The opening lines, masterly in their depiction of place
With the precision of a leadline the lantern hanging from the cabin roof measured by the extent of its swing the roll of the brig Virginia in a sea that was growing steadily worse. Captain Pieter Van Deyssel bent forward over his stomach to place the tarot-pack on the table in front of Robinson
show Robinson having a tarot reading. The last words of advice he hears are
‘Crusoe…take heed of what I say. Beware of purity. It is corrosive of the soul.’
The ship is wrecked, and Robinson thrown ashore on to a small island. All the other crew is lost. At first he devotes himself to thoughts of rescue. He builds beacons. He salvages what he can from the wreck and devotes himself to building a rescue craft which will enable him to sail away from the island where he is marooned. Then the day comes when he realises the boat he has built can never be launched. It is too heavy and solid for him to get it from land to sea. He completely gives in to despair. He wallows in the mire with the wild pigs, he walks on all fours, he grazes on disgusting foods.
His hair and beard were so grown that his face was almost invisible beneath their tangled mass. His hands had become mere forepaws used for walking, since it made him giddy to stand upright. His state of physical weakness and the softness of sand and mud, but above all the breaking of some spring in himself, had lead to his only moving on hands and knees.
But in this version of his story, Robinson Crusoe is only twenty-two years old. The drive to live is still strong in him. He decides to master the island. He calls her Speranza, Hope.
He must work. Without more dreaming he must consummate his marriage with solitude, his implacable bride.
Through his own rigor and hard work Robinson colonizes the island. He becomes its Governor. He domesticates the goats, he grows crops, he has a day of rest, he creates a routine that supports him. And in a strange way he falls in love with it. But all the time, in his journal, he is reflecting on the qualities of the human person.
I know that if the society of others is a fundamental element in the constitution of the human individual, it is nevertheless not irreplaceable.
And it is the coming of another human individual into his isolated life that causes Robinson to question his way of life and his achievements. Because Friday has a way of thinking and behaving that is beyond his understanding. Friday has dark skin, so Robinson makes a servant of him according to his social conditioning. But he soon realises that Friday, while appearing to submit, is beyond any domination. He finds Friday’s laughter maddening, and although he is compliant, Robinson never has any sense of being his master.
Robinson goes through another change, perhaps reaching a kind of enlightenment by observing Friday’s attitude to life
Under his influence, and the successive blows he dealt me, I have traveled the road of a long and painful metamorphosis.

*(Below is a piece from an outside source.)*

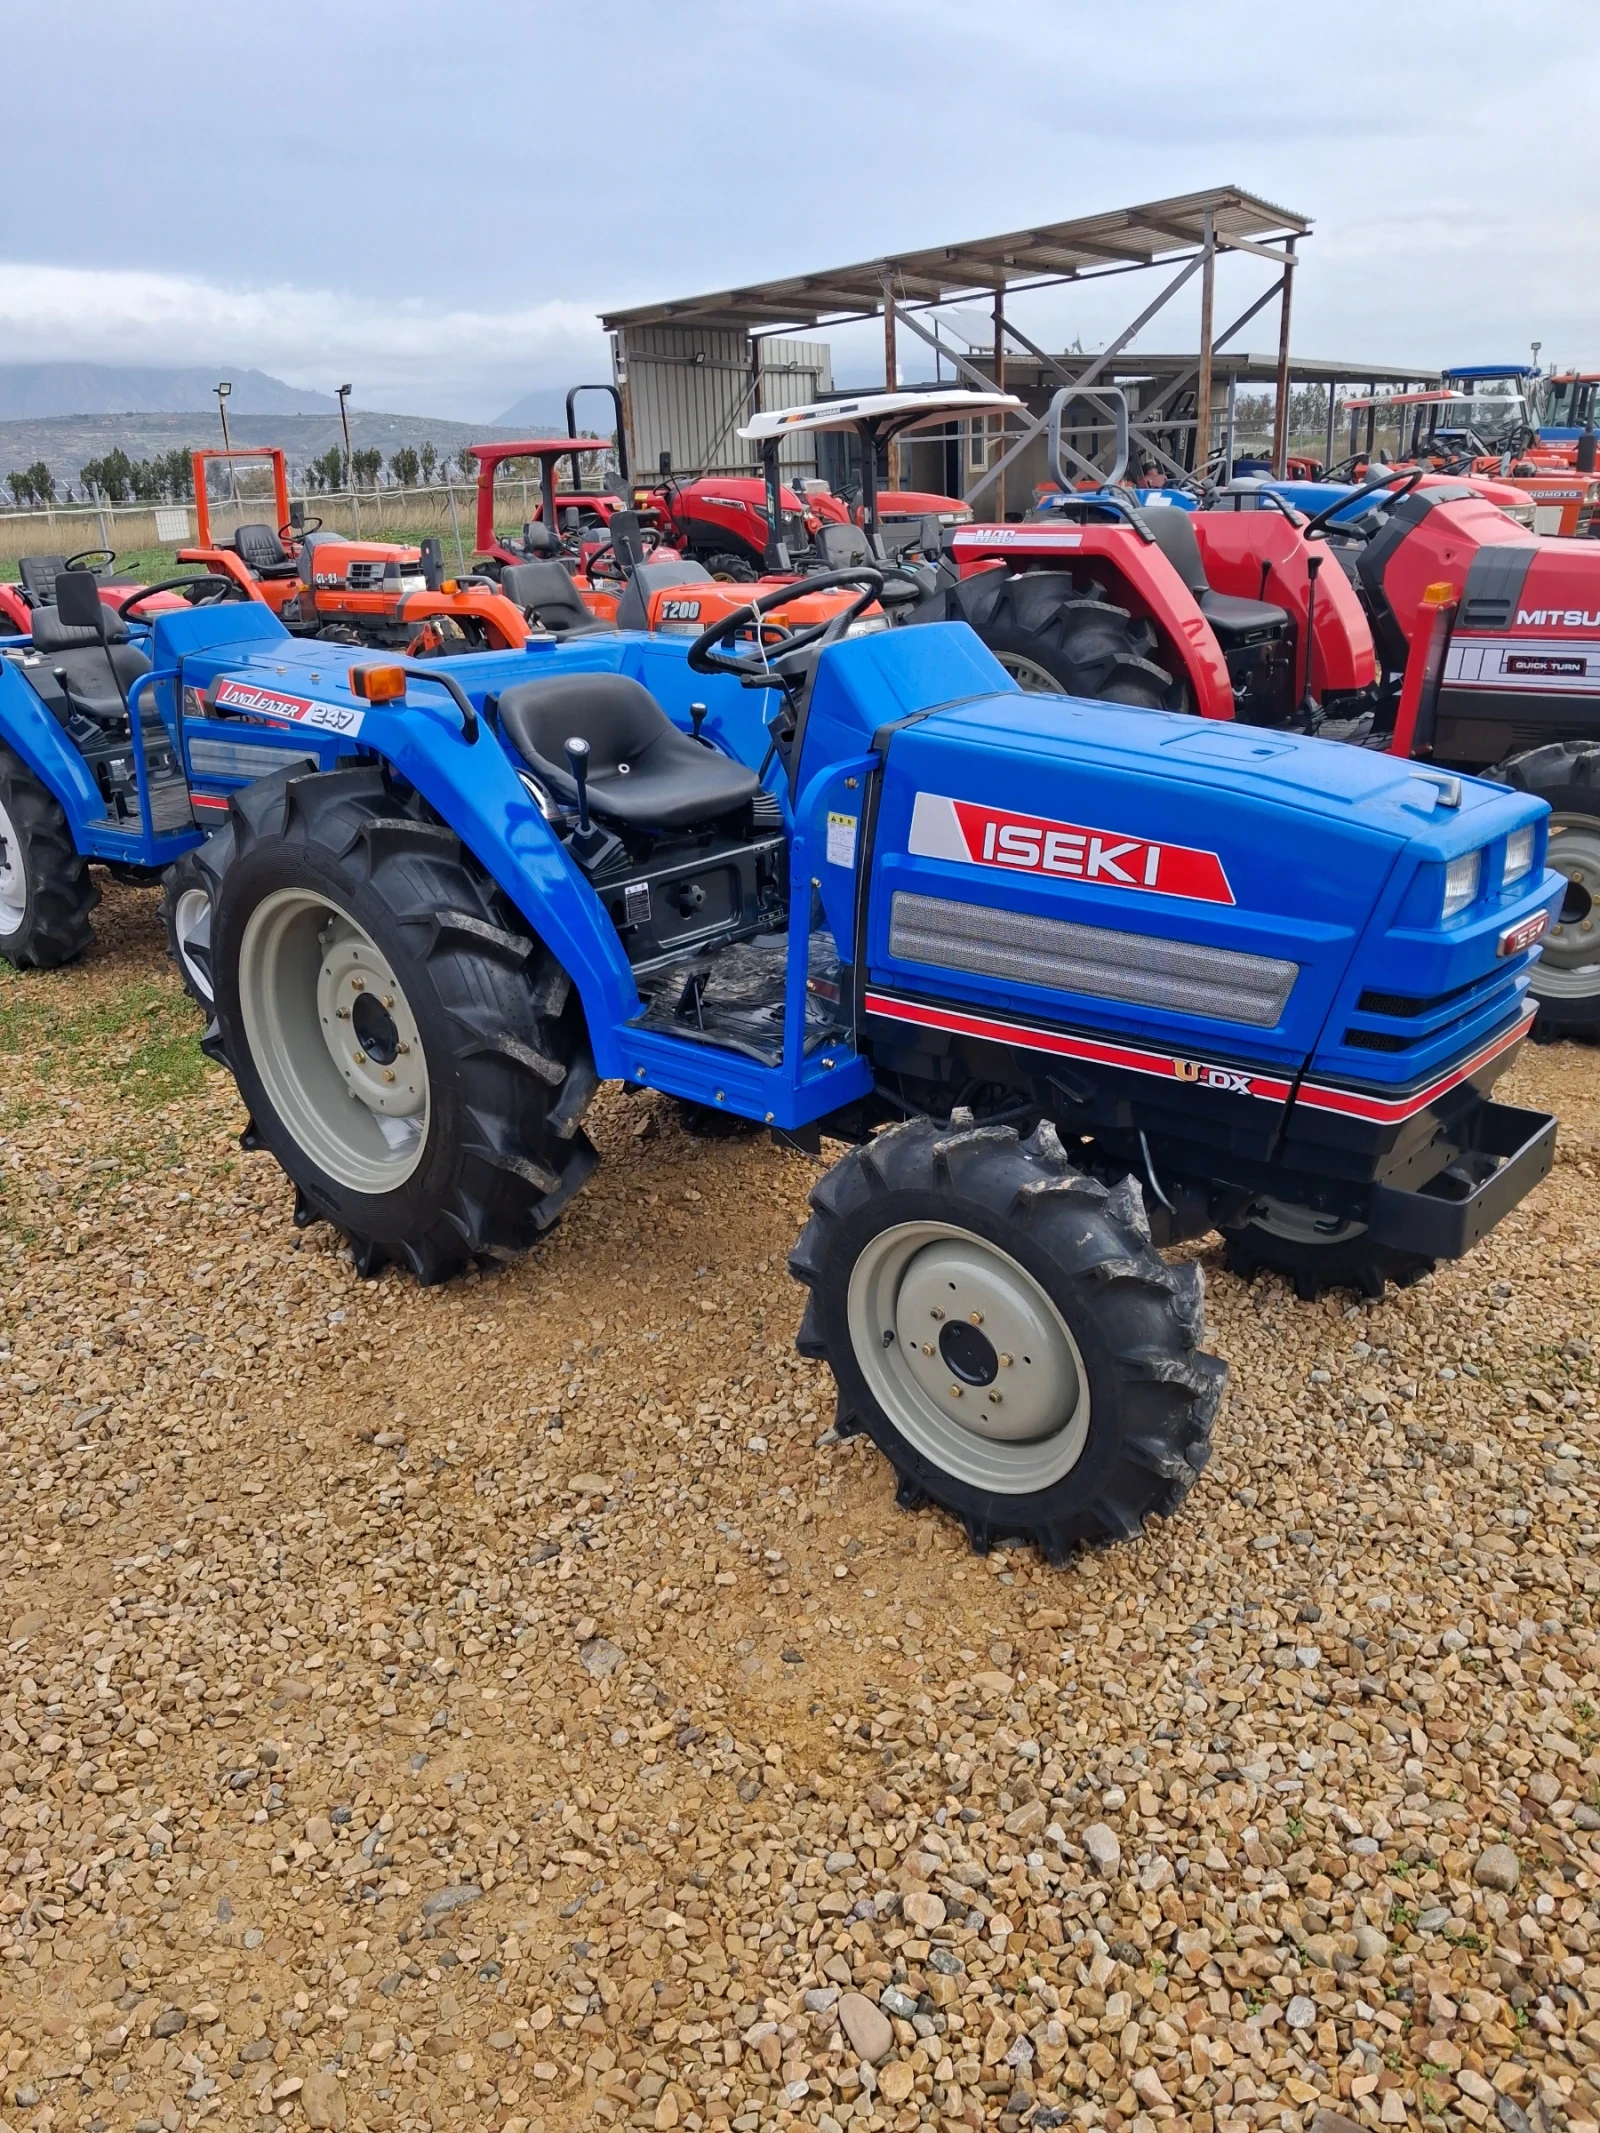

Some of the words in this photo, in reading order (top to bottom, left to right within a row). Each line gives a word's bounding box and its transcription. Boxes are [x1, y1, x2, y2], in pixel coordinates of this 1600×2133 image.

The man of earth dragged from his labours by a spirit of the air…
Friday is Michel Tournier’s first novel, published in 1967 and winner of the Grand Prix de Roman de l’Academie Francaise.
Thought provoking and delightful, and philosophical in a less long-winded way than the two German authors I have read previously, it examines every aspect of human kind.
For April a complete change.
A Suitable Boy, by Vikram Seth. A gossipy tale of suitable and unsuitable marriage prospects, and 1349 pages long.